In the fourth week, my cat was still not eating on his own, so we continued to syringe feed him. But he was showing some improvements like he was able to get up and walk around. His fever was also under control and ulcers in his mouth were healing. We continued the medication as prescribed by the vet and also added some home remedies to help him recover faster.

But at this stage, he developed swelling in the joints of his back legs. It was so severe that he was not able to walk properly. So we took him to the vet and he was put on steroids for a week. This helped to reduce the swelling and pain in his joints.

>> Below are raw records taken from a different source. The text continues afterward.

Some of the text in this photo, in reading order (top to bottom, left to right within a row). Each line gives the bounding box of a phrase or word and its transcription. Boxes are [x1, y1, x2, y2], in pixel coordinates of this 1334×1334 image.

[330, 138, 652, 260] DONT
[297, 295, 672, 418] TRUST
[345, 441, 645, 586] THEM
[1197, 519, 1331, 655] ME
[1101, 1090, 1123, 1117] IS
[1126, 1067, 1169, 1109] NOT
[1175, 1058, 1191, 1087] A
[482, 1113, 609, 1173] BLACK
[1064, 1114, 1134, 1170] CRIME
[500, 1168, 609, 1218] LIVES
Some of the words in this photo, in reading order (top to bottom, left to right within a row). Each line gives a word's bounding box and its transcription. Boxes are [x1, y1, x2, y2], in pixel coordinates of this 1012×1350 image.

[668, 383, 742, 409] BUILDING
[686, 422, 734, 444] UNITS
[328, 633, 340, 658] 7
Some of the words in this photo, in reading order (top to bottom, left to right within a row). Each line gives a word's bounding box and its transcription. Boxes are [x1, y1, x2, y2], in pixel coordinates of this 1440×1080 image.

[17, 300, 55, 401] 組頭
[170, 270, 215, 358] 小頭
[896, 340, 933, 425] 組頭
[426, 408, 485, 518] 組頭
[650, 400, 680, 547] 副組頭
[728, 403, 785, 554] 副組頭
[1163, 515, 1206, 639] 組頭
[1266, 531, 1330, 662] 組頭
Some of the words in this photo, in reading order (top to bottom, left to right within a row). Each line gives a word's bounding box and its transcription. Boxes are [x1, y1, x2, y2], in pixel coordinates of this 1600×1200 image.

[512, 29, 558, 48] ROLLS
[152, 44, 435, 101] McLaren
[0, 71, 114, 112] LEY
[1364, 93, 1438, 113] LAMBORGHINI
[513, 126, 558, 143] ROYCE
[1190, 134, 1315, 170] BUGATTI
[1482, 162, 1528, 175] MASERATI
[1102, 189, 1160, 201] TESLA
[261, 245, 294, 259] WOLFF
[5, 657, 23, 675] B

In the fifth week his condition further improved, the ulcers were completely gone and he started to eat on his own. We slowly started to reduce the syringe feeding and he was eating more wet food. His fever was also gone and he was able to walk around without any pain.

In the sixth week, his condition improved a lot, and he was back to his normal self. He was playing, eating and drinking on his own. His fur also started to grow back and he looked healthy again.

It was a long and difficult journey but we finally made it. I am so thankful that my cat is healthy again and I hope your cat recovers soon too. FCV is a deadly virus but with early detection and proper treatment, your cat can recover completely. So if you see any symptoms of FCV in your cat, take him to the vet immediately. And follow the treatment plan as prescribed. With love and care, your cat will recover soon.

FCV Recovery Journey


How long does a typical calicivirus infection last?

The acute phase of calicivirus infection usually lasts for 3-5 days. However, some cats may have a prolonged illness that can last for weeks or even a couple of months.

How can calicivirus infections be prevented?

There is no specific vaccine available for feline calicivirus, so the best way to prevent infection is to keep your cat indoors and away from other cats. If you must take your cat outside, make sure he is up-to-date on his vaccinations and avoid contact with other cats.

Are other cats in the household at risk of infection?

Yes, other cats in the household are at risk of infection if they come into contact with an infected cat. It is important to keep all cats up-to-date on their vaccinations and to practice good hygiene (e.g., washing hands after handling an infected cat).

Is my family at risk?

No, calicivirus does not affect humans. However, it is important to practice good hygiene (e.g., washing hands after handling an infected cat) to prevent the spread of other diseases.

What are the long-term effects of calicivirus infection?

Most cats recover from calicivirus infection without any long-term effects. However, some cats may develop chronic respiratory disease or recurrent infections. In rare cases, calicivirus infection can be fatal.